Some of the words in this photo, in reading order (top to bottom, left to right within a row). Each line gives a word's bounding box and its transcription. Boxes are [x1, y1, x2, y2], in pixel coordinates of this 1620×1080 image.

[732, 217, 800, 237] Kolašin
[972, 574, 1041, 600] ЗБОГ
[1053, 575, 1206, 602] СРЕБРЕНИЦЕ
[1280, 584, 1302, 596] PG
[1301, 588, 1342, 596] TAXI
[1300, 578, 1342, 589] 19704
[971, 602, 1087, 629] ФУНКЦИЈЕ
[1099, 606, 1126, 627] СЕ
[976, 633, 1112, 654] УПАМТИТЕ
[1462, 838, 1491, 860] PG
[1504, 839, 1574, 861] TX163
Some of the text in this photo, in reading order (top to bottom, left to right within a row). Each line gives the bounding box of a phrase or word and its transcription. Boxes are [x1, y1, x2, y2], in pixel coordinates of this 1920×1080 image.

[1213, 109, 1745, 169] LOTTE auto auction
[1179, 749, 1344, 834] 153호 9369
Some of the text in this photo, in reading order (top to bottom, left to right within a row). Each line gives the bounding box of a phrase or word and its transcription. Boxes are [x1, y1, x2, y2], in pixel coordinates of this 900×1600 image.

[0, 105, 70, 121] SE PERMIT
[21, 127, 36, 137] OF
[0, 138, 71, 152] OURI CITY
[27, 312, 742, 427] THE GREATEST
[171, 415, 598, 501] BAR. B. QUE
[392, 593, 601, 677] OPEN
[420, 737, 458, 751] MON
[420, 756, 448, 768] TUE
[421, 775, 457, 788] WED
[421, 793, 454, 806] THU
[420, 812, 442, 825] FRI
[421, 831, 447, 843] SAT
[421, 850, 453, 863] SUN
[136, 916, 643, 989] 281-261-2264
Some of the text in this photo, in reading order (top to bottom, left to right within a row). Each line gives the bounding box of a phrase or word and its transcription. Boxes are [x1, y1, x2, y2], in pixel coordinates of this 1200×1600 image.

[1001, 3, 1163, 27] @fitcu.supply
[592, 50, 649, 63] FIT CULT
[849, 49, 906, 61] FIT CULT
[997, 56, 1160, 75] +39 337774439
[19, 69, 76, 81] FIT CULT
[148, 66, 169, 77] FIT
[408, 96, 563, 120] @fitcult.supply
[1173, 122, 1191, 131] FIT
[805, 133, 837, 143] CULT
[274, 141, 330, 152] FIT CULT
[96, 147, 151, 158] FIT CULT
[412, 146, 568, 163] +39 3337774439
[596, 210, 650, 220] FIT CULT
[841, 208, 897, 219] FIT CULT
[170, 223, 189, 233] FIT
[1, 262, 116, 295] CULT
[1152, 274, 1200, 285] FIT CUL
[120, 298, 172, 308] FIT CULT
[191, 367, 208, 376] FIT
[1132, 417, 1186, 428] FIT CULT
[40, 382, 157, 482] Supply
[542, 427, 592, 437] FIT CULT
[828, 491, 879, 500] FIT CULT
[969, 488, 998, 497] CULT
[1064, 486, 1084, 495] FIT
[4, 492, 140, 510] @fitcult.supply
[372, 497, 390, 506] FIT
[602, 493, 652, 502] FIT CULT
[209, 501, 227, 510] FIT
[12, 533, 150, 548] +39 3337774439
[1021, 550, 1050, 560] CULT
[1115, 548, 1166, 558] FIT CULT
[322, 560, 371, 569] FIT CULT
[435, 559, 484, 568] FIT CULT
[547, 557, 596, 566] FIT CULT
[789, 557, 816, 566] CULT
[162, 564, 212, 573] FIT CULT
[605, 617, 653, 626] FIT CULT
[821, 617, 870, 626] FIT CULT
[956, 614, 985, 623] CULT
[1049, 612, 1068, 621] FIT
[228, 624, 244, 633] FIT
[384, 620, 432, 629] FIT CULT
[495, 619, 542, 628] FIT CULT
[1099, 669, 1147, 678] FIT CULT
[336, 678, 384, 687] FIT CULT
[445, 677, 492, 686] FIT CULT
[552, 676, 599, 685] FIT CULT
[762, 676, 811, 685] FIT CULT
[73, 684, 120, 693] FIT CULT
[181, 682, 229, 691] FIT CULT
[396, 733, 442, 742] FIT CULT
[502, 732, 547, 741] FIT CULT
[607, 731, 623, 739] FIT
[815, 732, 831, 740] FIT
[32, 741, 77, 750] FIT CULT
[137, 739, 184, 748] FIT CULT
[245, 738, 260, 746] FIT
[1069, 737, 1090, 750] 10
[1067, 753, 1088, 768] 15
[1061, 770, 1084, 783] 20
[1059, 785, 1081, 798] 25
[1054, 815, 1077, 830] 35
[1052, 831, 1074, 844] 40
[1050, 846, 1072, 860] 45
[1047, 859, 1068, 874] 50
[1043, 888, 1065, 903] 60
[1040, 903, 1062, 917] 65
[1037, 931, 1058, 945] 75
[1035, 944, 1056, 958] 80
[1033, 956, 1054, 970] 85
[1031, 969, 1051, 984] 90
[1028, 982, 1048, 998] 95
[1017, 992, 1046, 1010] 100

» **WHAT IS REQUIRED**
An exact copy of every entry is what is needed here.

» **SOLUTION TO THE PROBLEM**
Some of the words in this photo, in reading order (top to bottom, left to right within a row). Each line gives a word's bounding box and its transcription. Boxes are [x1, y1, x2, y2], in pixel coordinates of this 1620×1080 image.

[732, 217, 800, 237] Kolašin
[972, 574, 1041, 600] ЗБОГ
[1053, 575, 1206, 602] СРЕБРЕНИЦЕ
[1280, 584, 1302, 596] PG
[1301, 588, 1342, 596] TAXI
[1300, 578, 1342, 589] 19704
[971, 602, 1087, 629] ФУНКЦИЈЕ
[1099, 606, 1126, 627] СЕ
[976, 633, 1112, 654] УПАМТИТЕ
[1462, 838, 1491, 860] PG
[1504, 839, 1574, 861] TX163
Some of the text in this photo, in reading order (top to bottom, left to right within a row). Each line gives the bounding box of a phrase or word and its transcription. Boxes are [x1, y1, x2, y2], in pixel coordinates of this 1920×1080 image.

[1213, 109, 1745, 169] LOTTE auto auction
[1179, 749, 1344, 834] 153호 9369
Some of the text in this photo, in reading order (top to bottom, left to right within a row). Each line gives the bounding box of a phrase or word and its transcription. Boxes are [x1, y1, x2, y2], in pixel coordinates of this 900×1600 image.

[0, 105, 70, 121] SE PERMIT
[21, 127, 36, 137] OF
[0, 138, 71, 152] OURI CITY
[27, 312, 742, 427] THE GREATEST
[171, 415, 598, 501] BAR. B. QUE
[392, 593, 601, 677] OPEN
[420, 737, 458, 751] MON
[420, 756, 448, 768] TUE
[421, 775, 457, 788] WED
[421, 793, 454, 806] THU
[420, 812, 442, 825] FRI
[421, 831, 447, 843] SAT
[421, 850, 453, 863] SUN
[136, 916, 643, 989] 281-261-2264
Some of the text in this photo, in reading order (top to bottom, left to right within a row). Each line gives the bounding box of a phrase or word and its transcription. Boxes are [x1, y1, x2, y2], in pixel coordinates of this 1200×1600 image.

[1001, 3, 1163, 27] @fitcu.supply
[592, 50, 649, 63] FIT CULT
[849, 49, 906, 61] FIT CULT
[997, 56, 1160, 75] +39 337774439
[19, 69, 76, 81] FIT CULT
[148, 66, 169, 77] FIT
[408, 96, 563, 120] @fitcult.supply
[1173, 122, 1191, 131] FIT
[805, 133, 837, 143] CULT
[274, 141, 330, 152] FIT CULT
[96, 147, 151, 158] FIT CULT
[412, 146, 568, 163] +39 3337774439
[596, 210, 650, 220] FIT CULT
[841, 208, 897, 219] FIT CULT
[170, 223, 189, 233] FIT
[1, 262, 116, 295] CULT
[1152, 274, 1200, 285] FIT CUL
[120, 298, 172, 308] FIT CULT
[191, 367, 208, 376] FIT
[1132, 417, 1186, 428] FIT CULT
[40, 382, 157, 482] Supply
[542, 427, 592, 437] FIT CULT
[828, 491, 879, 500] FIT CULT
[969, 488, 998, 497] CULT
[1064, 486, 1084, 495] FIT
[4, 492, 140, 510] @fitcult.supply
[372, 497, 390, 506] FIT
[602, 493, 652, 502] FIT CULT
[209, 501, 227, 510] FIT
[12, 533, 150, 548] +39 3337774439
[1021, 550, 1050, 560] CULT
[1115, 548, 1166, 558] FIT CULT
[322, 560, 371, 569] FIT CULT
[435, 559, 484, 568] FIT CULT
[547, 557, 596, 566] FIT CULT
[789, 557, 816, 566] CULT
[162, 564, 212, 573] FIT CULT
[605, 617, 653, 626] FIT CULT
[821, 617, 870, 626] FIT CULT
[956, 614, 985, 623] CULT
[1049, 612, 1068, 621] FIT
[228, 624, 244, 633] FIT
[384, 620, 432, 629] FIT CULT
[495, 619, 542, 628] FIT CULT
[1099, 669, 1147, 678] FIT CULT
[336, 678, 384, 687] FIT CULT
[445, 677, 492, 686] FIT CULT
[552, 676, 599, 685] FIT CULT
[762, 676, 811, 685] FIT CULT
[73, 684, 120, 693] FIT CULT
[181, 682, 229, 691] FIT CULT
[396, 733, 442, 742] FIT CULT
[502, 732, 547, 741] FIT CULT
[607, 731, 623, 739] FIT
[815, 732, 831, 740] FIT
[32, 741, 77, 750] FIT CULT
[137, 739, 184, 748] FIT CULT
[245, 738, 260, 746] FIT
[1069, 737, 1090, 750] 10
[1067, 753, 1088, 768] 15
[1061, 770, 1084, 783] 20
[1059, 785, 1081, 798] 25
[1054, 815, 1077, 830] 35
[1052, 831, 1074, 844] 40
[1050, 846, 1072, 860] 45
[1047, 859, 1068, 874] 50
[1043, 888, 1065, 903] 60
[1040, 903, 1062, 917] 65
[1037, 931, 1058, 945] 75
[1035, 944, 1056, 958] 80
[1033, 956, 1054, 970] 85
[1031, 969, 1051, 984] 90
[1028, 982, 1048, 998] 95
[1017, 992, 1046, 1010] 100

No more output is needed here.